• **TASK TO COMPLETE**
Write the records out again, precisely as they stand.

• **DATASET ENTRIES**

##############################

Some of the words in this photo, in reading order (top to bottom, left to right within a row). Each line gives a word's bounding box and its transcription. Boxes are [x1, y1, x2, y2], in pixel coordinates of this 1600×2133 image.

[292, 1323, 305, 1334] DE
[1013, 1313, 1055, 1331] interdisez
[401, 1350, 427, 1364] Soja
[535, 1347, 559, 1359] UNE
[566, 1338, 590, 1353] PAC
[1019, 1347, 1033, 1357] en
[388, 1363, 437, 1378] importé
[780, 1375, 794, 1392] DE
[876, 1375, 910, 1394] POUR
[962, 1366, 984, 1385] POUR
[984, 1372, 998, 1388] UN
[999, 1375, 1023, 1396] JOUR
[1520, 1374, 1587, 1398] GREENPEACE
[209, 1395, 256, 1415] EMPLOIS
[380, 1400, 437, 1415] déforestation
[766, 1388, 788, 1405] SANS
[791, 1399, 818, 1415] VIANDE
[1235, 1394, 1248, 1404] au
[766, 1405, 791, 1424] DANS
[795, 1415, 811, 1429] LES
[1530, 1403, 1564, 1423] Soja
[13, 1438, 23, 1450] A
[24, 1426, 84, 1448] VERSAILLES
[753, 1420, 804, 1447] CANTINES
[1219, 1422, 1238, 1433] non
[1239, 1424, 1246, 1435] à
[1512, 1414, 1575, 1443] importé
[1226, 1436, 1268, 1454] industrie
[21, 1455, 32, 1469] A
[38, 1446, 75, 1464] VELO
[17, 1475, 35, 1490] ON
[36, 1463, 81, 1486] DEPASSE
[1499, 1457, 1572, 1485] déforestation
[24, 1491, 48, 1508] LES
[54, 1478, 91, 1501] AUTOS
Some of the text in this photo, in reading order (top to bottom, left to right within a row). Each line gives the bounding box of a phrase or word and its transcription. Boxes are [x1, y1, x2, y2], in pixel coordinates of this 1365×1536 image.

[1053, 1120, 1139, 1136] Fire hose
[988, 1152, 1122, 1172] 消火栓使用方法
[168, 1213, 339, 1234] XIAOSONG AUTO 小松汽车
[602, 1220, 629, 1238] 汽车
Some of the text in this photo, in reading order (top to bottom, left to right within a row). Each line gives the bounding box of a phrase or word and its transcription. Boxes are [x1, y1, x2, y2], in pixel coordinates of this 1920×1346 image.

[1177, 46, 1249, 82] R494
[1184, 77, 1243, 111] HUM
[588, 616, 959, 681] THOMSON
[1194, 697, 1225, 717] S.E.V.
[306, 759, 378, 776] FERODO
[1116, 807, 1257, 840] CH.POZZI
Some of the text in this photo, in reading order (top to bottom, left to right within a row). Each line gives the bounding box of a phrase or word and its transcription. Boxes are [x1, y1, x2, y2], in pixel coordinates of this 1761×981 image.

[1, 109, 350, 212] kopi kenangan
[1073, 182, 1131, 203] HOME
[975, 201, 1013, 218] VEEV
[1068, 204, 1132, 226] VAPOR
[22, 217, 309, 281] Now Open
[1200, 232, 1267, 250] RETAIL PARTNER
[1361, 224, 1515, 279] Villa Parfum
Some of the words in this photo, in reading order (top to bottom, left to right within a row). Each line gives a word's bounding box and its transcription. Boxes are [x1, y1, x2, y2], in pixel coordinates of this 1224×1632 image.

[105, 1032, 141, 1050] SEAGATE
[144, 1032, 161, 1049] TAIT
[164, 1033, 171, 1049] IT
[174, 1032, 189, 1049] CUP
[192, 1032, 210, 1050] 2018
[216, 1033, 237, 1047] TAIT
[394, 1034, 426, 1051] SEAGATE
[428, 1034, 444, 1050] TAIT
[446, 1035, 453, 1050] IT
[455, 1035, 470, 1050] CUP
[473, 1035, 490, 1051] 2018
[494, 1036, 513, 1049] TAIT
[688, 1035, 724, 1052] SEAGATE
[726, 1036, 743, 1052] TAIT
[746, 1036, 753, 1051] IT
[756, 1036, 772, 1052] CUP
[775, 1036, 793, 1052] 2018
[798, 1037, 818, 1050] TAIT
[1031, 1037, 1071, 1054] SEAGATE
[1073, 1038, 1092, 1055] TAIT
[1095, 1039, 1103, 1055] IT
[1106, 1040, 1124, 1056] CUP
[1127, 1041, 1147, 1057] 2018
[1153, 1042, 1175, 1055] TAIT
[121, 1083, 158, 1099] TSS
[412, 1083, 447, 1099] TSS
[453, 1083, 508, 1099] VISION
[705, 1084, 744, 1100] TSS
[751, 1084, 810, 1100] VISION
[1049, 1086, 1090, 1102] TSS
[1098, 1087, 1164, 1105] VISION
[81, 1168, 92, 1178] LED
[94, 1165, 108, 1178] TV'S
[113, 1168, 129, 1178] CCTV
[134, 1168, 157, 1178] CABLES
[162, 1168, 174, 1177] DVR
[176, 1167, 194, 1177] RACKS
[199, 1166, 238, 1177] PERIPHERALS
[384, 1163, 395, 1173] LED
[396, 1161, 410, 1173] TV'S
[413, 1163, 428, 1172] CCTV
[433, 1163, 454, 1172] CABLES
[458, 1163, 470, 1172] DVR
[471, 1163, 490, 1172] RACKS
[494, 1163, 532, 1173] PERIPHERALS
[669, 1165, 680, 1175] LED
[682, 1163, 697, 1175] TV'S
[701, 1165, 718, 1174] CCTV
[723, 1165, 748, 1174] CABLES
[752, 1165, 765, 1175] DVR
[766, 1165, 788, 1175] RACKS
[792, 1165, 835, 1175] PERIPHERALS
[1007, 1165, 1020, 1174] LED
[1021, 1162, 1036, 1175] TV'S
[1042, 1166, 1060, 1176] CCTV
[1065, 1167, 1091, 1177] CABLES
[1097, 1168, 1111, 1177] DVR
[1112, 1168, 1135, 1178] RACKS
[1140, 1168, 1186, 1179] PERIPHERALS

##############################

• **TASK SOLUTION**
Some of the words in this photo, in reading order (top to bottom, left to right within a row). Each line gives a word's bounding box and its transcription. Boxes are [x1, y1, x2, y2], in pixel coordinates of this 1600×2133 image.

[292, 1323, 305, 1334] DE
[1013, 1313, 1055, 1331] interdisez
[401, 1350, 427, 1364] Soja
[535, 1347, 559, 1359] UNE
[566, 1338, 590, 1353] PAC
[1019, 1347, 1033, 1357] en
[388, 1363, 437, 1378] importé
[780, 1375, 794, 1392] DE
[876, 1375, 910, 1394] POUR
[962, 1366, 984, 1385] POUR
[984, 1372, 998, 1388] UN
[999, 1375, 1023, 1396] JOUR
[1520, 1374, 1587, 1398] GREENPEACE
[209, 1395, 256, 1415] EMPLOIS
[380, 1400, 437, 1415] déforestation
[766, 1388, 788, 1405] SANS
[791, 1399, 818, 1415] VIANDE
[1235, 1394, 1248, 1404] au
[766, 1405, 791, 1424] DANS
[795, 1415, 811, 1429] LES
[1530, 1403, 1564, 1423] Soja
[13, 1438, 23, 1450] A
[24, 1426, 84, 1448] VERSAILLES
[753, 1420, 804, 1447] CANTINES
[1219, 1422, 1238, 1433] non
[1239, 1424, 1246, 1435] à
[1512, 1414, 1575, 1443] importé
[1226, 1436, 1268, 1454] industrie
[21, 1455, 32, 1469] A
[38, 1446, 75, 1464] VELO
[17, 1475, 35, 1490] ON
[36, 1463, 81, 1486] DEPASSE
[1499, 1457, 1572, 1485] déforestation
[24, 1491, 48, 1508] LES
[54, 1478, 91, 1501] AUTOS
Some of the text in this photo, in reading order (top to bottom, left to right within a row). Each line gives the bounding box of a phrase or word and its transcription. Boxes are [x1, y1, x2, y2], in pixel coordinates of this 1365×1536 image.

[1053, 1120, 1139, 1136] Fire hose
[988, 1152, 1122, 1172] 消火栓使用方法
[168, 1213, 339, 1234] XIAOSONG AUTO 小松汽车
[602, 1220, 629, 1238] 汽车
Some of the text in this photo, in reading order (top to bottom, left to right within a row). Each line gives the bounding box of a phrase or word and its transcription. Boxes are [x1, y1, x2, y2], in pixel coordinates of this 1920×1346 image.

[1177, 46, 1249, 82] R494
[1184, 77, 1243, 111] HUM
[588, 616, 959, 681] THOMSON
[1194, 697, 1225, 717] S.E.V.
[306, 759, 378, 776] FERODO
[1116, 807, 1257, 840] CH.POZZI
Some of the text in this photo, in reading order (top to bottom, left to right within a row). Each line gives the bounding box of a phrase or word and its transcription. Boxes are [x1, y1, x2, y2], in pixel coordinates of this 1761×981 image.

[1, 109, 350, 212] kopi kenangan
[1073, 182, 1131, 203] HOME
[975, 201, 1013, 218] VEEV
[1068, 204, 1132, 226] VAPOR
[22, 217, 309, 281] Now Open
[1200, 232, 1267, 250] RETAIL PARTNER
[1361, 224, 1515, 279] Villa Parfum
Some of the words in this photo, in reading order (top to bottom, left to right within a row). Each line gives a word's bounding box and its transcription. Boxes are [x1, y1, x2, y2], in pixel coordinates of this 1224×1632 image.

[105, 1032, 141, 1050] SEAGATE
[144, 1032, 161, 1049] TAIT
[164, 1033, 171, 1049] IT
[174, 1032, 189, 1049] CUP
[192, 1032, 210, 1050] 2018
[216, 1033, 237, 1047] TAIT
[394, 1034, 426, 1051] SEAGATE
[428, 1034, 444, 1050] TAIT
[446, 1035, 453, 1050] IT
[455, 1035, 470, 1050] CUP
[473, 1035, 490, 1051] 2018
[494, 1036, 513, 1049] TAIT
[688, 1035, 724, 1052] SEAGATE
[726, 1036, 743, 1052] TAIT
[746, 1036, 753, 1051] IT
[756, 1036, 772, 1052] CUP
[775, 1036, 793, 1052] 2018
[798, 1037, 818, 1050] TAIT
[1031, 1037, 1071, 1054] SEAGATE
[1073, 1038, 1092, 1055] TAIT
[1095, 1039, 1103, 1055] IT
[1106, 1040, 1124, 1056] CUP
[1127, 1041, 1147, 1057] 2018
[1153, 1042, 1175, 1055] TAIT
[121, 1083, 158, 1099] TSS
[412, 1083, 447, 1099] TSS
[453, 1083, 508, 1099] VISION
[705, 1084, 744, 1100] TSS
[751, 1084, 810, 1100] VISION
[1049, 1086, 1090, 1102] TSS
[1098, 1087, 1164, 1105] VISION
[81, 1168, 92, 1178] LED
[94, 1165, 108, 1178] TV'S
[113, 1168, 129, 1178] CCTV
[134, 1168, 157, 1178] CABLES
[162, 1168, 174, 1177] DVR
[176, 1167, 194, 1177] RACKS
[199, 1166, 238, 1177] PERIPHERALS
[384, 1163, 395, 1173] LED
[396, 1161, 410, 1173] TV'S
[413, 1163, 428, 1172] CCTV
[433, 1163, 454, 1172] CABLES
[458, 1163, 470, 1172] DVR
[471, 1163, 490, 1172] RACKS
[494, 1163, 532, 1173] PERIPHERALS
[669, 1165, 680, 1175] LED
[682, 1163, 697, 1175] TV'S
[701, 1165, 718, 1174] CCTV
[723, 1165, 748, 1174] CABLES
[752, 1165, 765, 1175] DVR
[766, 1165, 788, 1175] RACKS
[792, 1165, 835, 1175] PERIPHERALS
[1007, 1165, 1020, 1174] LED
[1021, 1162, 1036, 1175] TV'S
[1042, 1166, 1060, 1176] CCTV
[1065, 1167, 1091, 1177] CABLES
[1097, 1168, 1111, 1177] DVR
[1112, 1168, 1135, 1178] RACKS
[1140, 1168, 1186, 1179] PERIPHERALS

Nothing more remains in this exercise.